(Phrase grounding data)
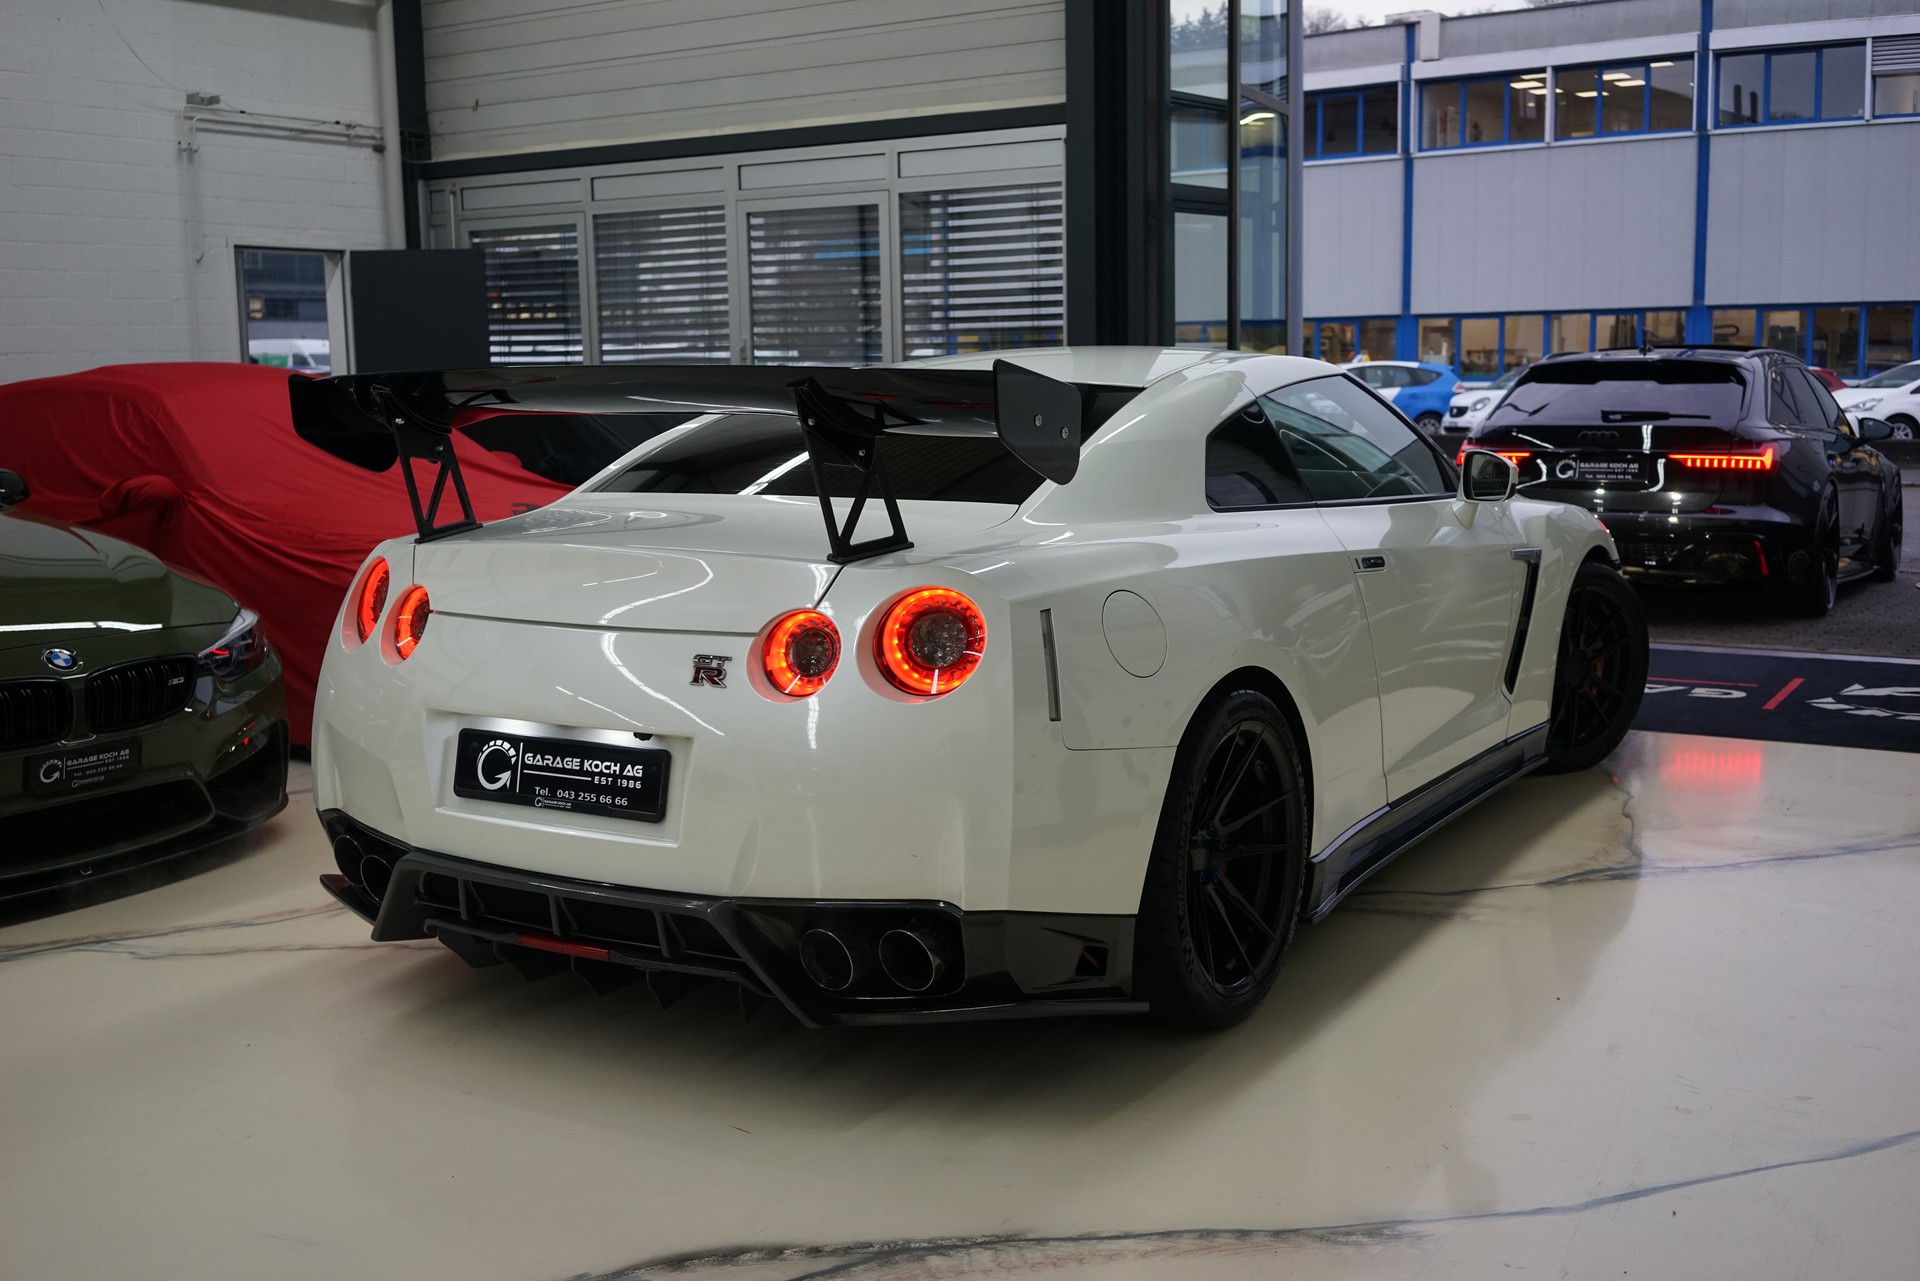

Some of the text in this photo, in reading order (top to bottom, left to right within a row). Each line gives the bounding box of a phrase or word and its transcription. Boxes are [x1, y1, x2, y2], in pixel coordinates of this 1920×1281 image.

[67, 748, 130, 766] GARAGE KOCH AG
[524, 752, 643, 777] GARAGE KOCH AG
[594, 776, 642, 789] EST 1986
[534, 786, 628, 806] Tel. 043 255 66 66
[1177, 823, 1188, 916] MICHELIN
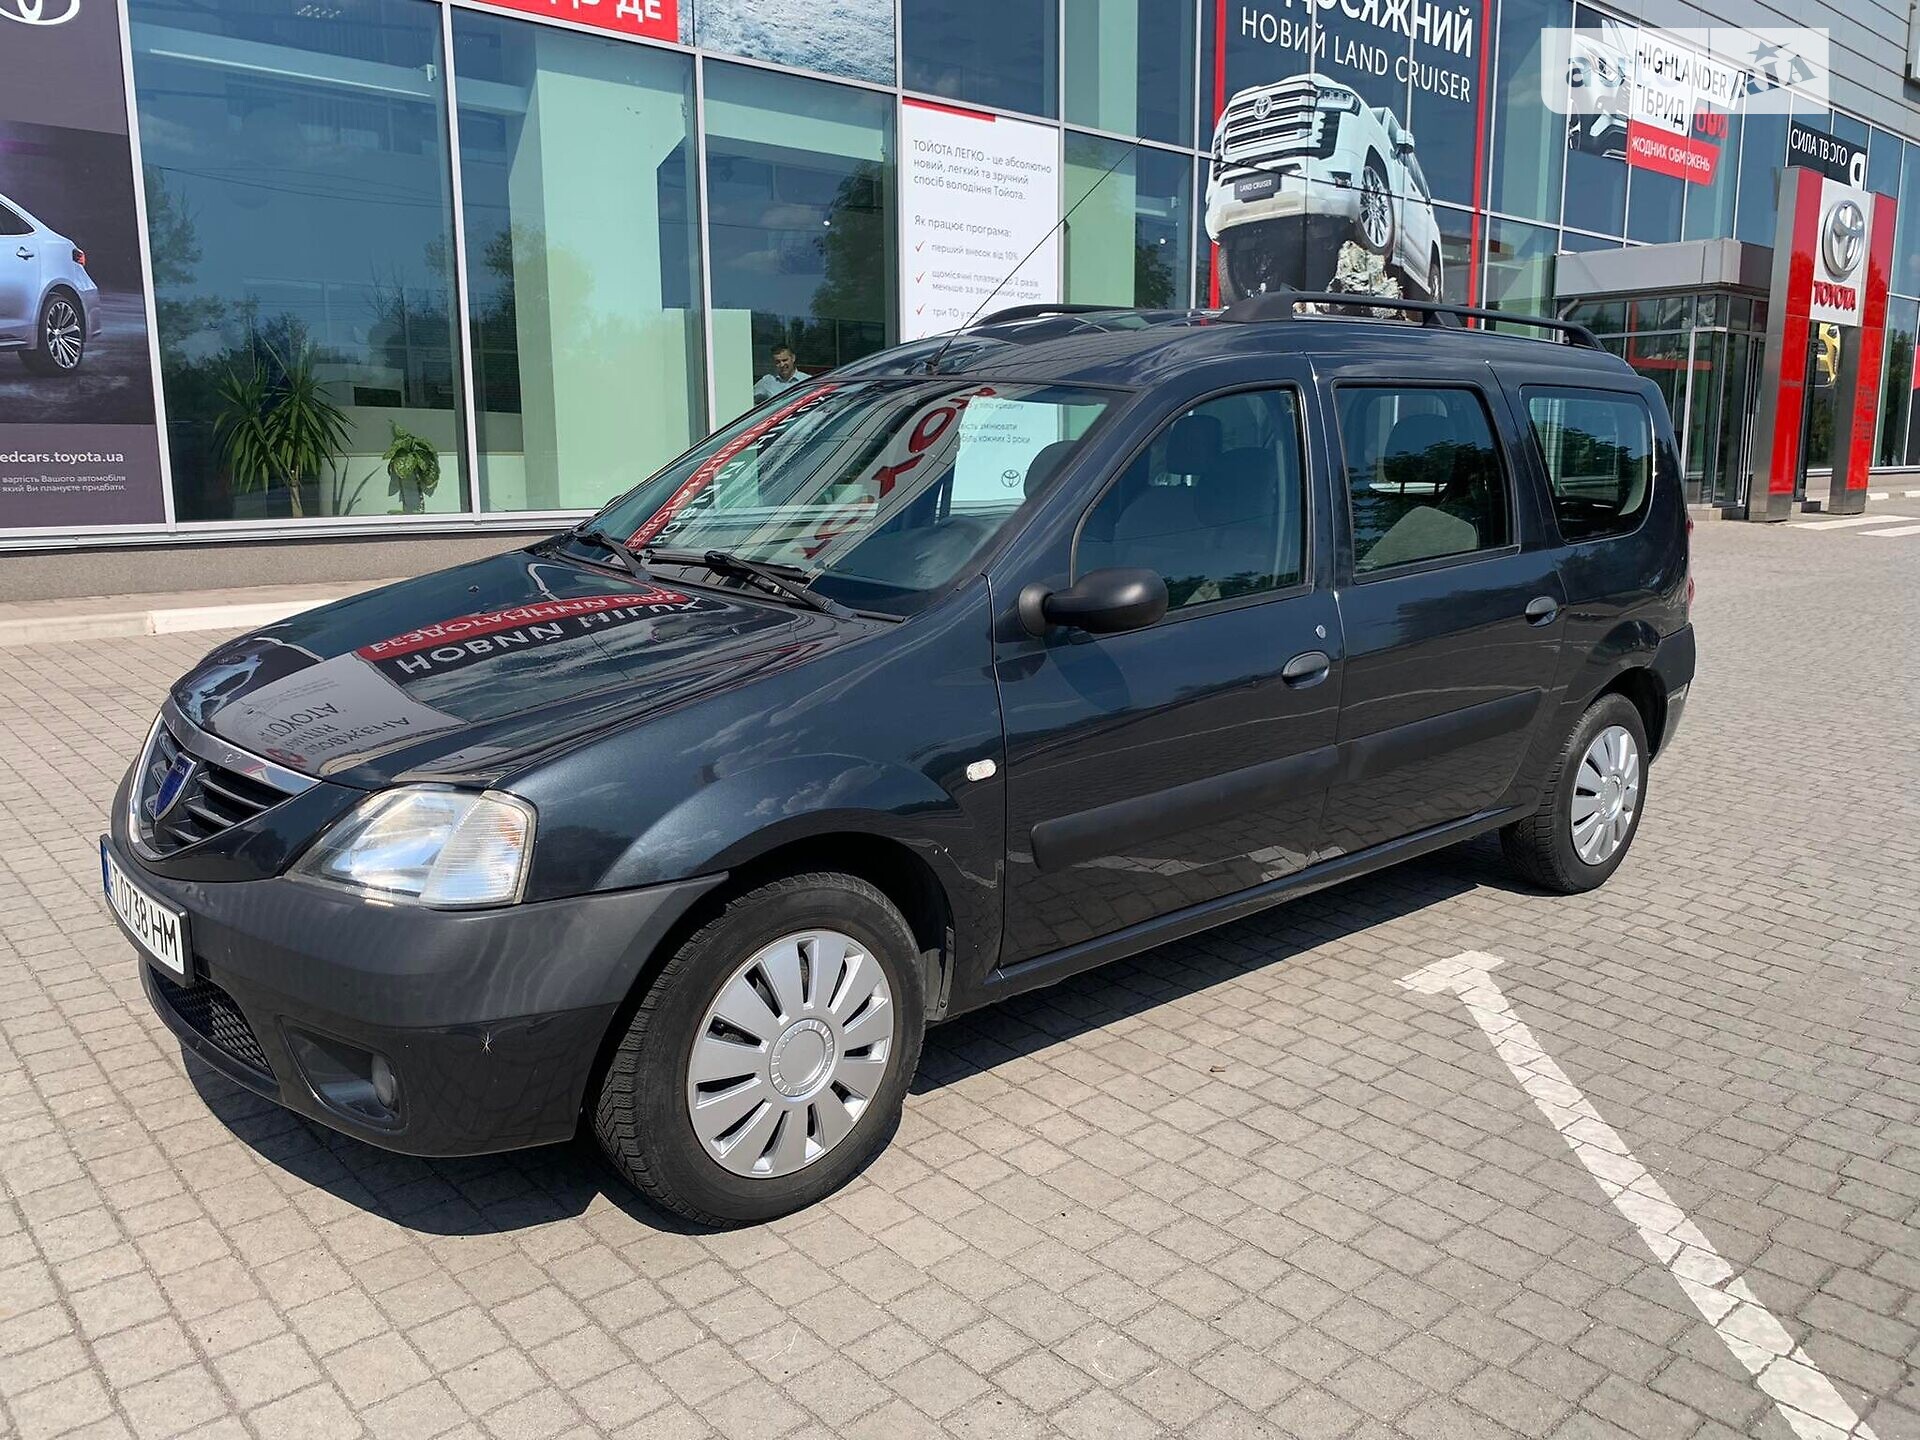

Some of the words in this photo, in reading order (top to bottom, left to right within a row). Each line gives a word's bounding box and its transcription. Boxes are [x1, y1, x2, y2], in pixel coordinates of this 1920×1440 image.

• Task: Leave every image out and retype the entries above word for word.

• Answer section:
Some of the text in this photo, in reading order (top to bottom, left to right within a row). Each line gives the bounding box of a phrase or word and its transcription. Boxes are [x1, y1, x2, y2], in pixel coordinates of this 1920×1281 image.

[67, 748, 130, 766] GARAGE KOCH AG
[524, 752, 643, 777] GARAGE KOCH AG
[594, 776, 642, 789] EST 1986
[534, 786, 628, 806] Tel. 043 255 66 66
[1177, 823, 1188, 916] MICHELIN

Some of the words in this photo, in reading order (top to bottom, left to right within a row). Each line gives a word's bounding box and its transcription. Boxes are [x1, y1, x2, y2], in pixel coordinates of this 1920×1440 image.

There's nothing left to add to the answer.